Why does this computer makes a soiboi expression face lmao?

soiboyism is a parasitical disease

Hashes are usually obtained through database leaks, and crackers are free to do whatever they want with them until they manage to compute the password to use in the actual service.

No, you're the brainlet. FYI, the greatest amount of completely entangled qubits we've reached so far is 20.

Quantum computers encode the states 1 and 0 into some quantum phenomenon, such as the spin of an electron or polarization of photons. While in a quantum state qubit can exist in superposition as a probability distribution of whether or not it will be 1 or 0 once you measure it. Quantum entanglement allows qubits to affect the results of other qubits, this allows you to expoentially increase the number of possible superpositions. The difference between classical bits and qubits is that with 2 classical bits you can have possible states 00, 01, 10, 11 but can only be in one of those given states at any given time. Qubits that are entangled can be in any of those states but through superposition they can exist as some probability to measuring every single one of those states. Quantum parallelism applies because performing an operation on a system operates on every single possible superposition at the same time. The goal in quantum algorithms is generally to make the probability of one solution dominate the others so you can run every operation in parallel and the result will be the correct answer with high probability.

Quantum computers are still years off because they're really difficult to work with.

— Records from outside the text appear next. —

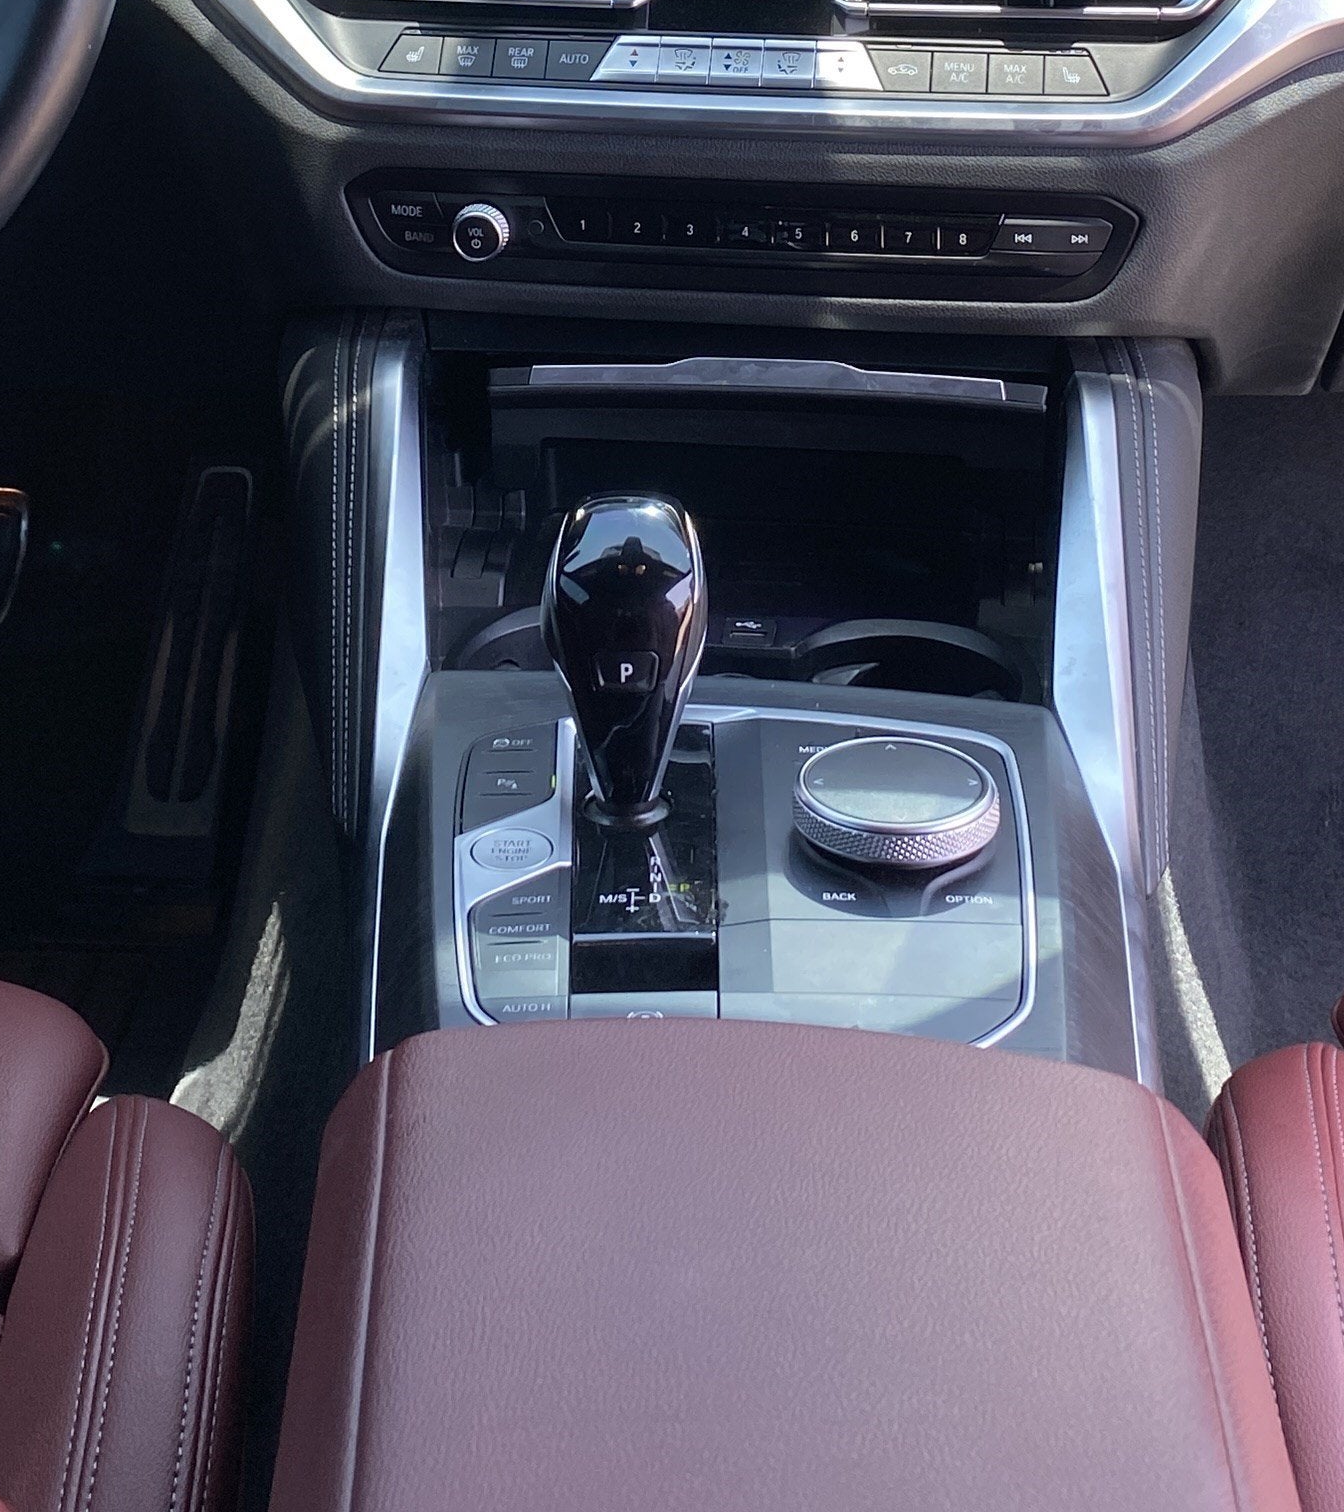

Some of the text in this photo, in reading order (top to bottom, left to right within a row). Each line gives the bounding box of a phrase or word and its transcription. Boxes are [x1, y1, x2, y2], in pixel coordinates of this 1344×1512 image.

[457, 45, 479, 56] MAX
[508, 47, 534, 57] REAR
[559, 53, 589, 65] AUTO
[733, 65, 749, 74] OFF
[944, 62, 974, 73] MENU
[1003, 64, 1027, 74] MAX
[950, 72, 969, 83] A/C
[1006, 74, 1025, 84] A/C
[391, 204, 423, 217] MODE
[580, 219, 585, 230] 1
[634, 222, 641, 234] 2
[687, 224, 693, 235] 3
[405, 231, 434, 243] BAND
[467, 227, 484, 237] VOL
[741, 226, 749, 237] 4
[795, 228, 802, 239] 5
[851, 230, 858, 241] 6
[905, 231, 912, 243] 7
[959, 233, 967, 245] 8
[620, 662, 633, 683] P
[512, 738, 533, 746] OFF
[799, 745, 827, 753] MED
[494, 839, 532, 847] START
[495, 854, 528, 862] STOP
[512, 895, 552, 904] SPORT
[599, 893, 661, 904] M/S D
[822, 892, 856, 901] BACK
[945, 894, 993, 905] OPTION
[489, 923, 550, 935] COMFORT
[495, 953, 552, 964] ECO PRO
[502, 1003, 551, 1013] AUTO H

They need to be under radiation shielding, magnetic shielding, and kept at about 0.015 Kelvin to maintain quantum state. Also quantum computing is challenging because all of the operations need to be reversible (Because if you can't reverse physics nothing makes sense. Imagine throwing a ball somewhere and not being able to throw it back). So normal boolean gates don't work because .

Qubits aren't ordinary bits. With every additional qubit, the computational power of the machine doubles.

Unicode passwords

A 128 qubit computer can crack that in O(1)

>So normal boolean gates don't work because .
user...? You alright?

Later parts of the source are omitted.